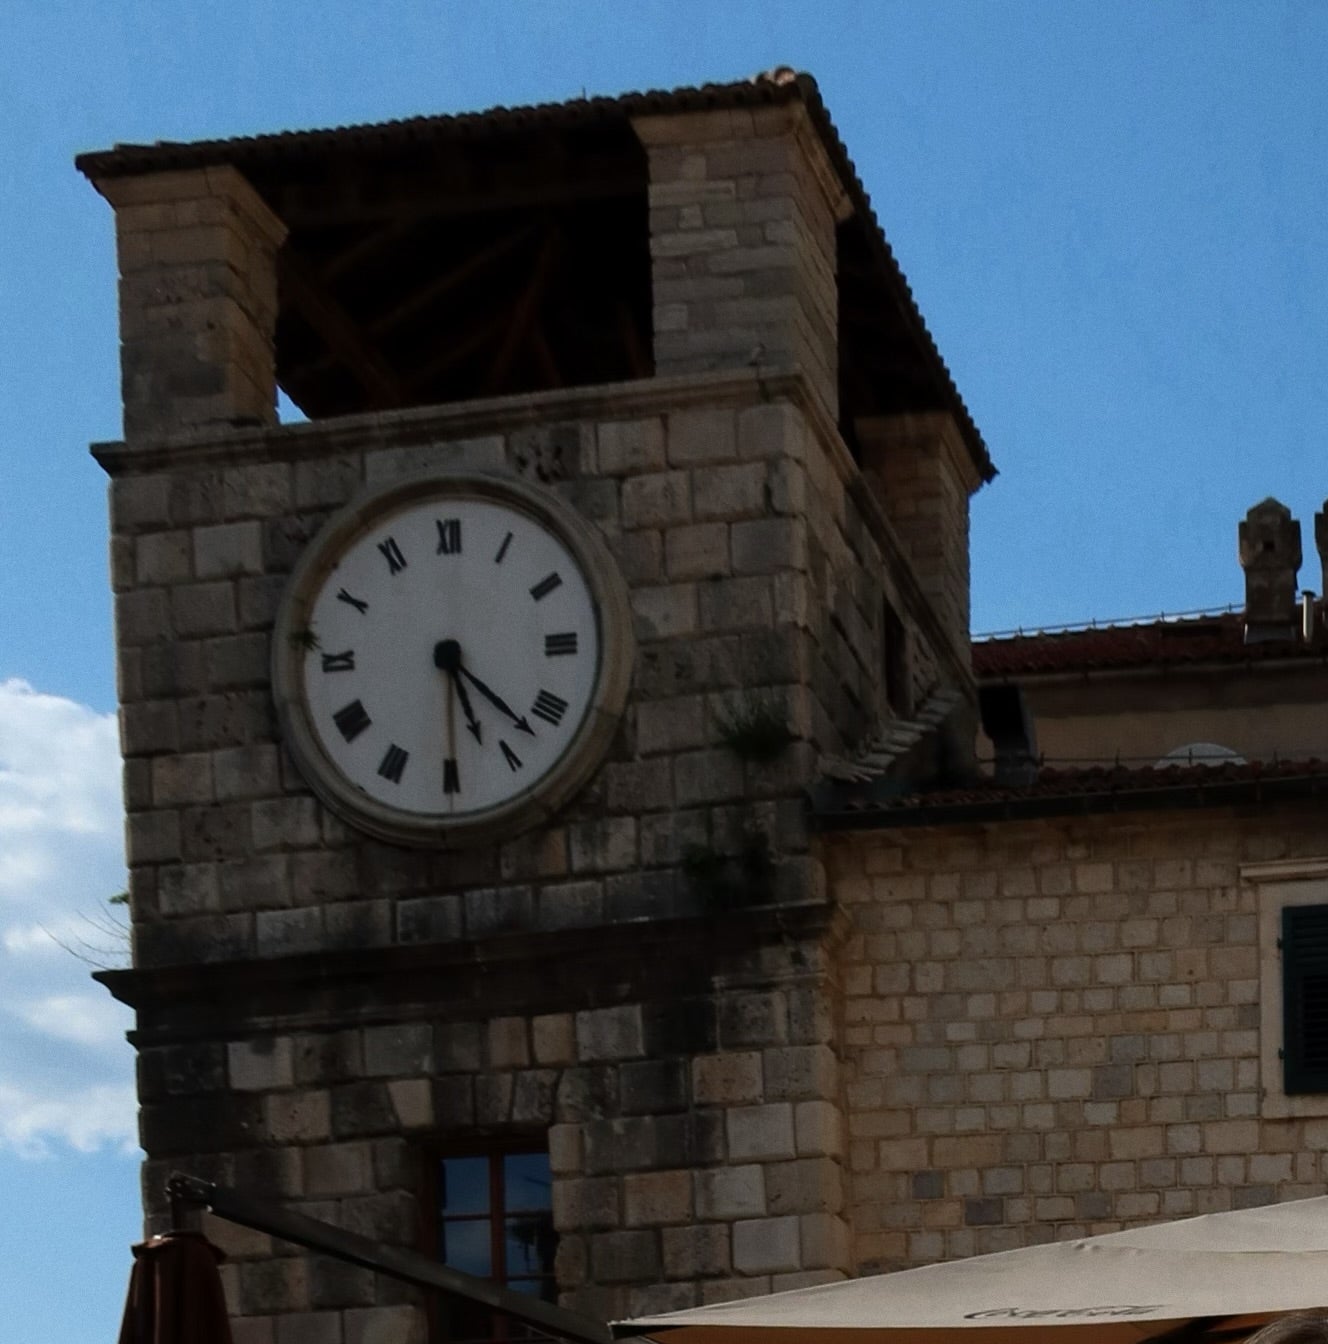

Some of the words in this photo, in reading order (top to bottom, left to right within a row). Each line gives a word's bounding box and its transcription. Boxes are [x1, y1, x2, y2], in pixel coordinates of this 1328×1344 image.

[436, 519, 461, 554] XII
[378, 537, 407, 575] XI
[336, 588, 368, 614] X
[545, 632, 577, 656] III
[531, 689, 569, 726] IIII
[499, 740, 523, 772] V
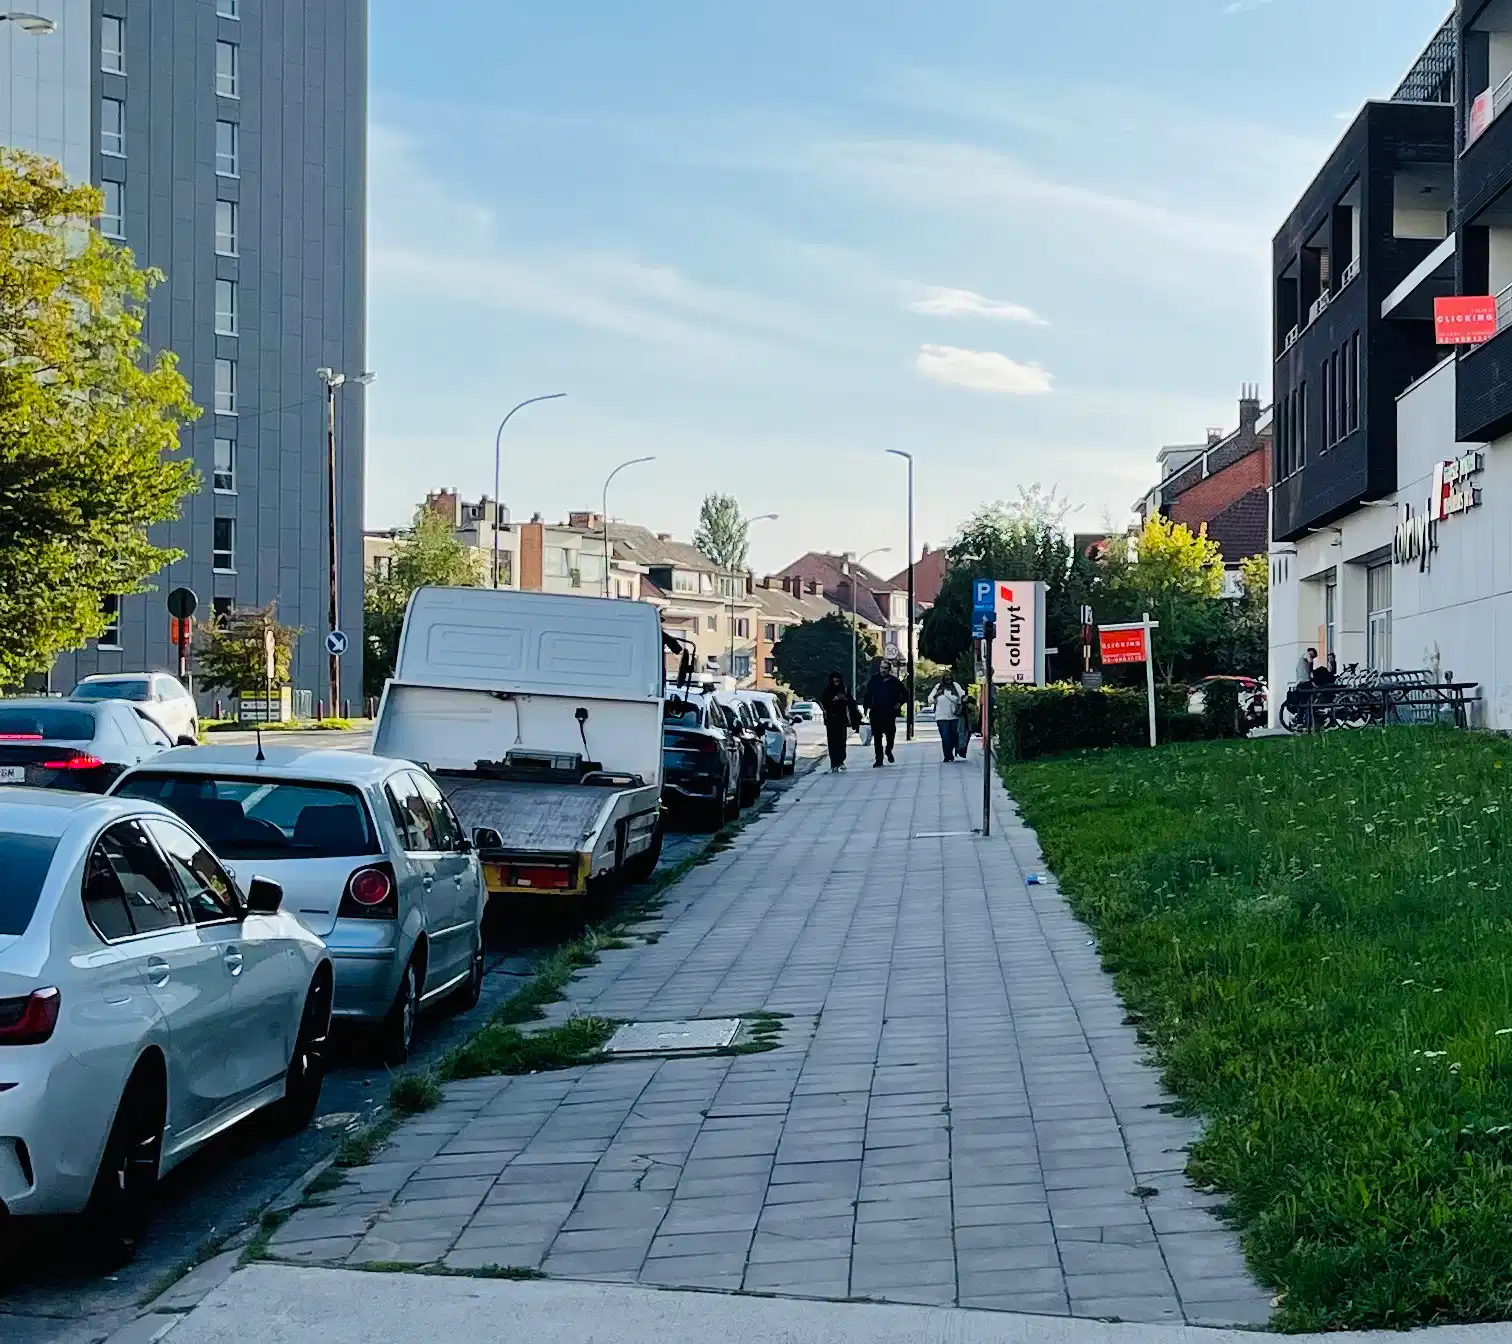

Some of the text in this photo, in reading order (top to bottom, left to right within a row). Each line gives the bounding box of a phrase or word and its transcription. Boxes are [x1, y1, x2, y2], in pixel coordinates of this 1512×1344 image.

[1436, 313, 1493, 324] CLICKING
[977, 582, 991, 602] P
[1005, 605, 1025, 667] colruyt
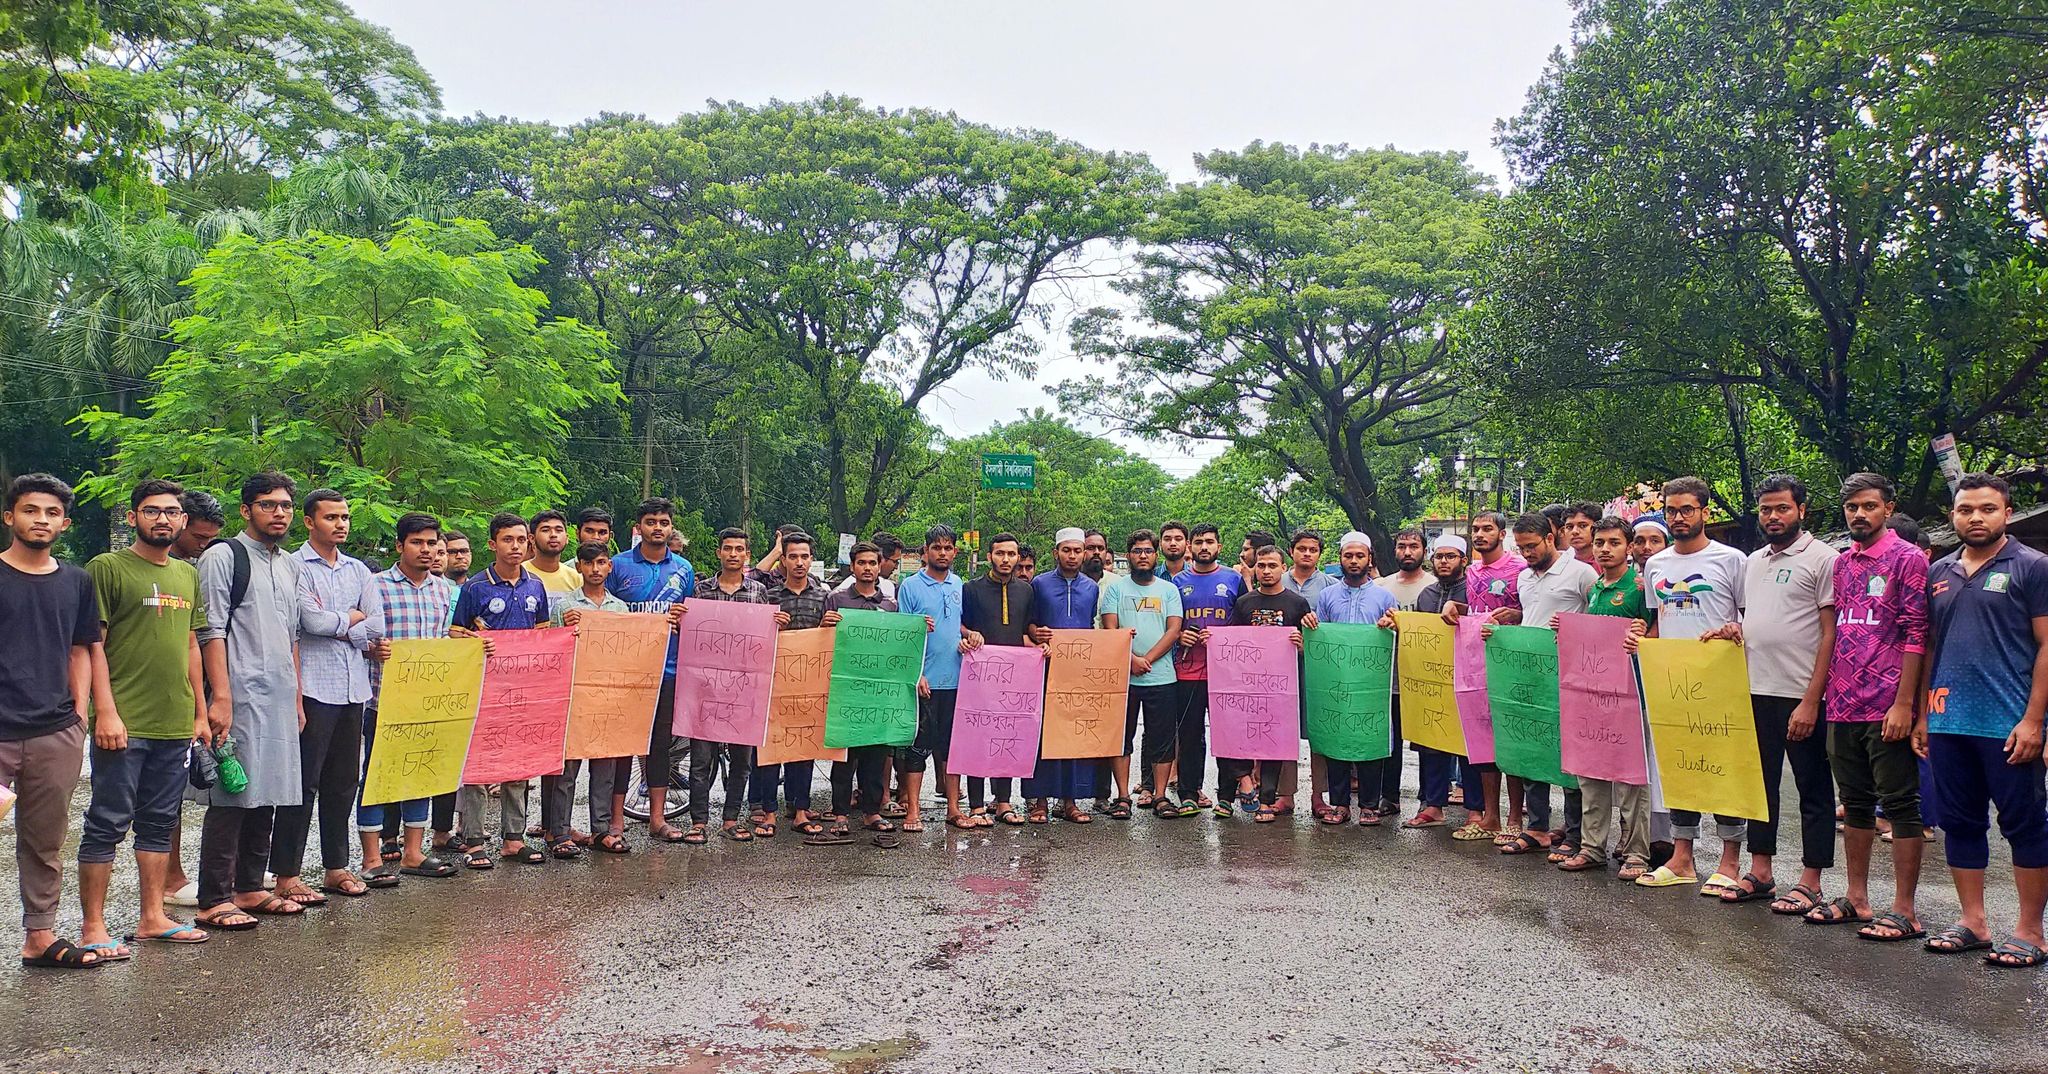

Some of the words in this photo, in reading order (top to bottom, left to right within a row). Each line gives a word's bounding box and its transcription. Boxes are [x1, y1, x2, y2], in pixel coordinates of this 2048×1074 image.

[688, 620, 766, 664] নিরাপদ
[847, 625, 890, 643] আমার
[894, 627, 923, 652] ভাই
[1216, 637, 1266, 664] ট্রাফিক
[1402, 624, 1445, 651] ট্রাফিক
[394, 650, 456, 683] ট্রাফিক
[1581, 643, 1608, 674] We
[702, 667, 750, 692] সড়ক
[1082, 667, 1120, 686] হত্যার
[1242, 669, 1289, 692] আইনের
[1667, 667, 1707, 701] We
[422, 687, 469, 716] আইনের
[999, 690, 1038, 712] হত্যার
[1586, 682, 1620, 710] Want
[700, 691, 750, 734] চাই
[881, 703, 914, 728] চাই
[1423, 704, 1449, 736] চাই
[1686, 712, 1736, 738] Want
[785, 718, 824, 751] চাই
[1071, 712, 1103, 743] চাই
[1247, 714, 1281, 746] চাই
[1578, 717, 1628, 745] Justice
[402, 739, 444, 776] চাই
[989, 732, 1025, 761] চাই
[1676, 749, 1726, 777] Justice
****************
**The problem**
Line by line, write out the records above exactly, skipping the pictures.

**Output of the exercise**
Some of the words in this photo, in reading order (top to bottom, left to right within a row). Each line gives a word's bounding box and its transcription. Boxes are [x1, y1, x2, y2], in pixel coordinates of this 1328×1344 image.

[436, 519, 461, 554] XII
[378, 537, 407, 575] XI
[336, 588, 368, 614] X
[545, 632, 577, 656] III
[531, 689, 569, 726] IIII
[499, 740, 523, 772] V

Some of the text in this photo, in reading order (top to bottom, left to right within a row). Each line gives the bounding box of a phrase or word and its transcription. Boxes are [x1, y1, x2, y2], in pixel coordinates of this 1512×1344 image.

[1436, 313, 1493, 324] CLICKING
[977, 582, 991, 602] P
[1005, 605, 1025, 667] colruyt

Some of the words in this photo, in reading order (top to bottom, left to right within a row). Each line gives a word's bounding box and its transcription. Boxes are [x1, y1, x2, y2], in pixel coordinates of this 2048×1074 image.

[688, 620, 766, 664] নিরাপদ
[847, 625, 890, 643] আমার
[894, 627, 923, 652] ভাই
[1216, 637, 1266, 664] ট্রাফিক
[1402, 624, 1445, 651] ট্রাফিক
[394, 650, 456, 683] ট্রাফিক
[1581, 643, 1608, 674] We
[702, 667, 750, 692] সড়ক
[1082, 667, 1120, 686] হত্যার
[1242, 669, 1289, 692] আইনের
[1667, 667, 1707, 701] We
[422, 687, 469, 716] আইনের
[999, 690, 1038, 712] হত্যার
[1586, 682, 1620, 710] Want
[700, 691, 750, 734] চাই
[881, 703, 914, 728] চাই
[1423, 704, 1449, 736] চাই
[1686, 712, 1736, 738] Want
[785, 718, 824, 751] চাই
[1071, 712, 1103, 743] চাই
[1247, 714, 1281, 746] চাই
[1578, 717, 1628, 745] Justice
[402, 739, 444, 776] চাই
[989, 732, 1025, 761] চাই
[1676, 749, 1726, 777] Justice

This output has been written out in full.